(Dataset entries)

=== Section Start ===

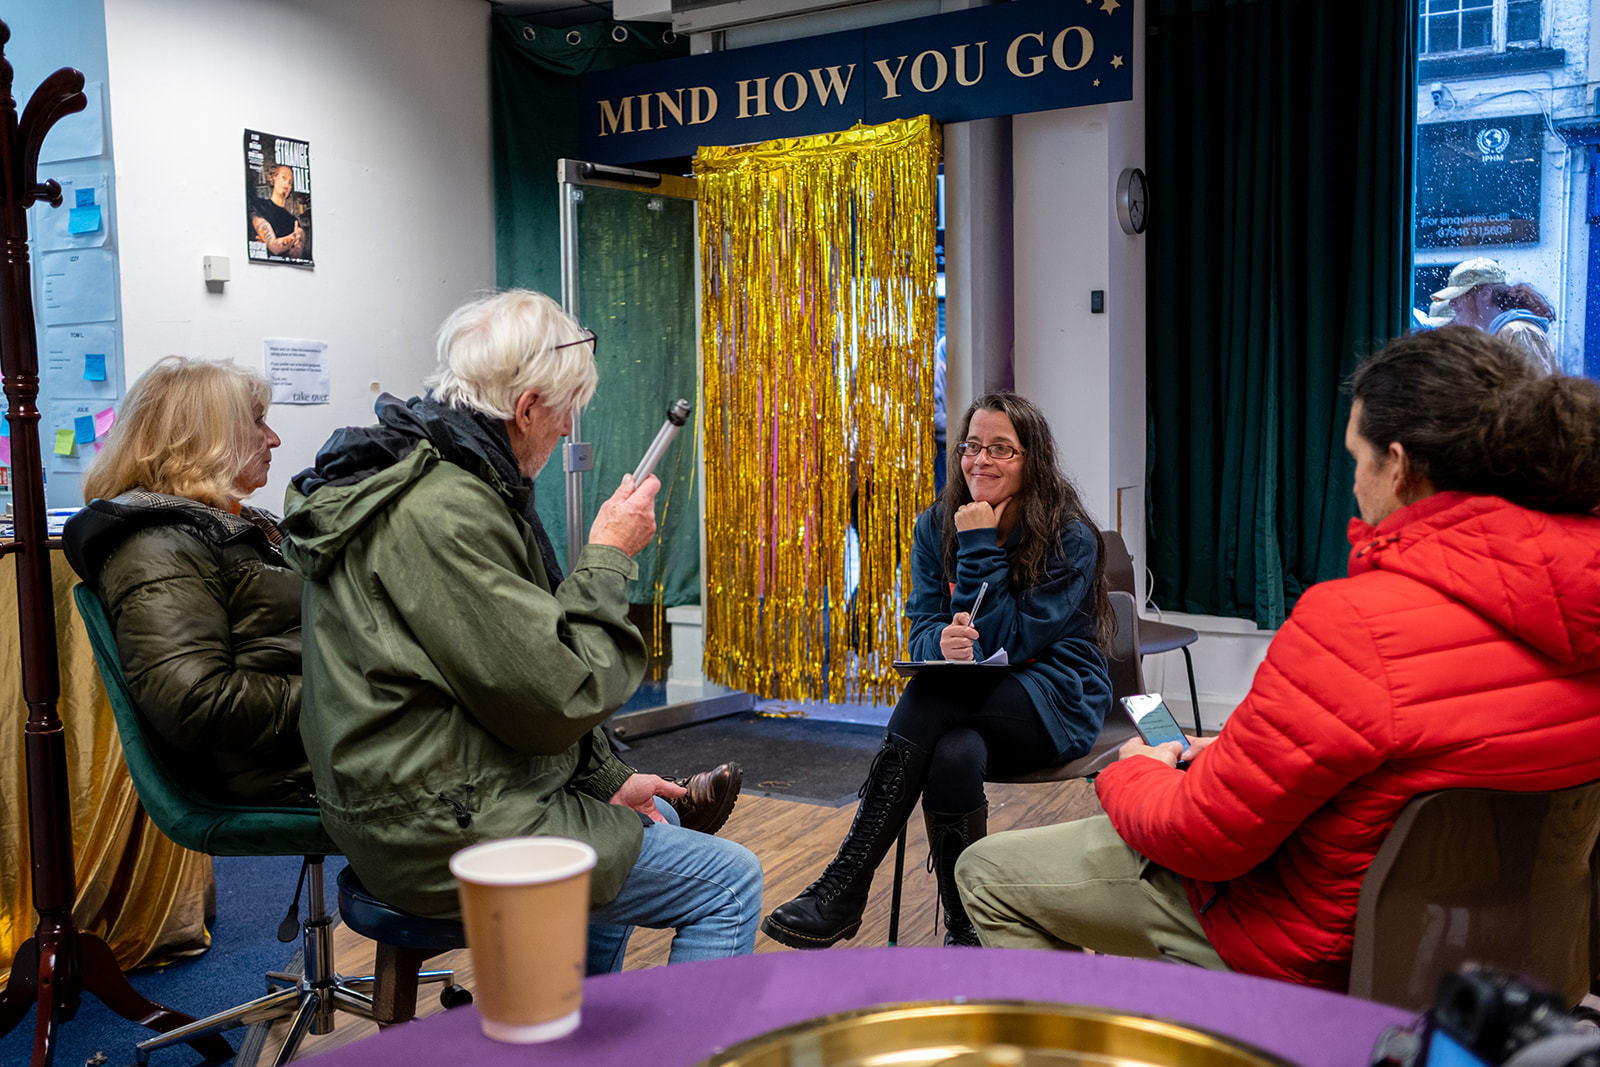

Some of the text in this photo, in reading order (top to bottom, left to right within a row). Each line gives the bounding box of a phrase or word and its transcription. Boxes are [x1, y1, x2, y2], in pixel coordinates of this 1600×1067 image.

[597, 26, 1095, 136] MIND HOW YOU GO
[275, 138, 309, 168] STRANGE
[1482, 154, 1504, 162] IPHM
[292, 167, 310, 194] TALE
[1421, 216, 1438, 226] For
[1440, 213, 1487, 226] enquiries
[293, 391, 329, 402] take over
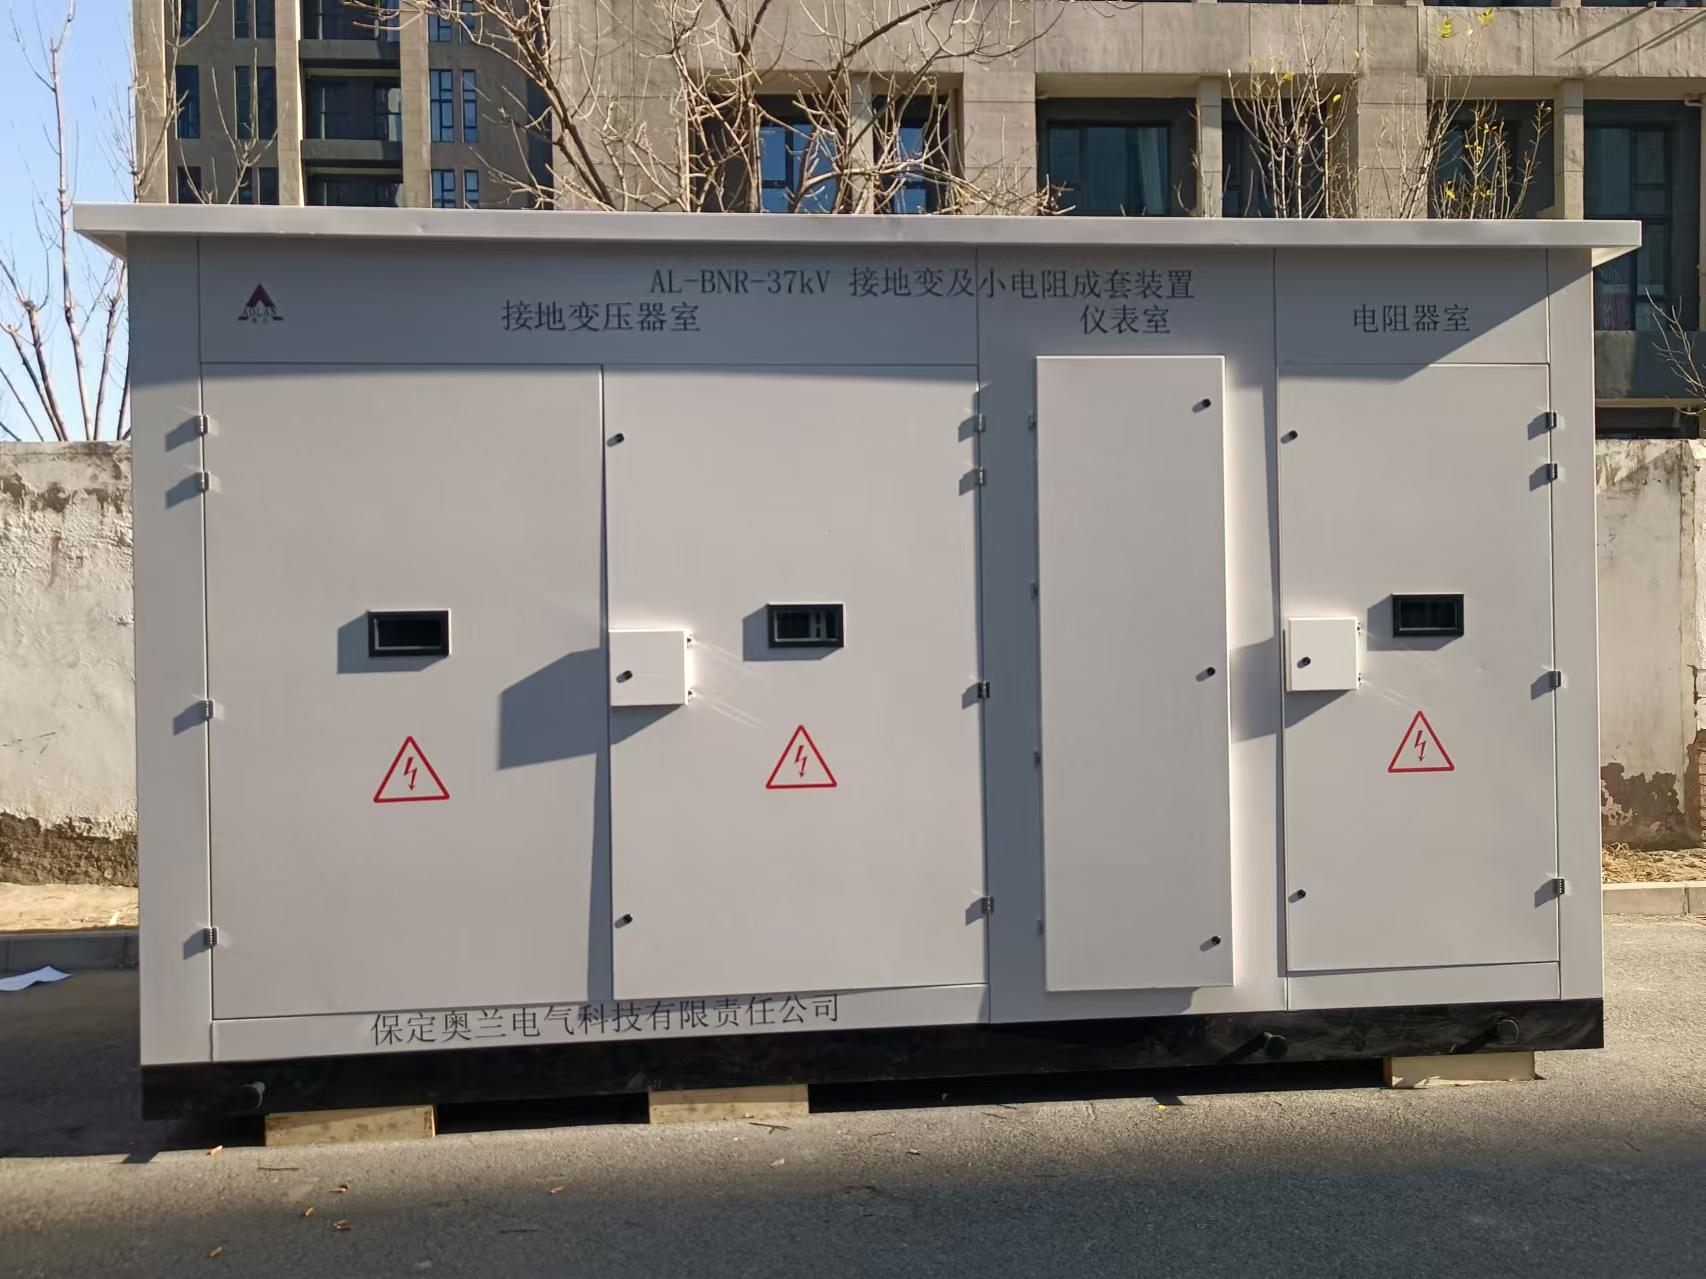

=== Section End ===

» **EXERCISE BRIEF**:
Every line above should be repeated exactly; pictures stay out of the copy.

» **SOLUTION TO THIS EXERCISE**:
Some of the text in this photo, in reading order (top to bottom, left to right within a row). Each line gives the bounding box of a phrase or word and its transcription. Boxes are [x1, y1, x2, y2], in pixel coordinates of this 1600×1067 image.

[597, 26, 1095, 136] MIND HOW YOU GO
[275, 138, 309, 168] STRANGE
[1482, 154, 1504, 162] IPHM
[292, 167, 310, 194] TALE
[1421, 216, 1438, 226] For
[1440, 213, 1487, 226] enquiries
[293, 391, 329, 402] take over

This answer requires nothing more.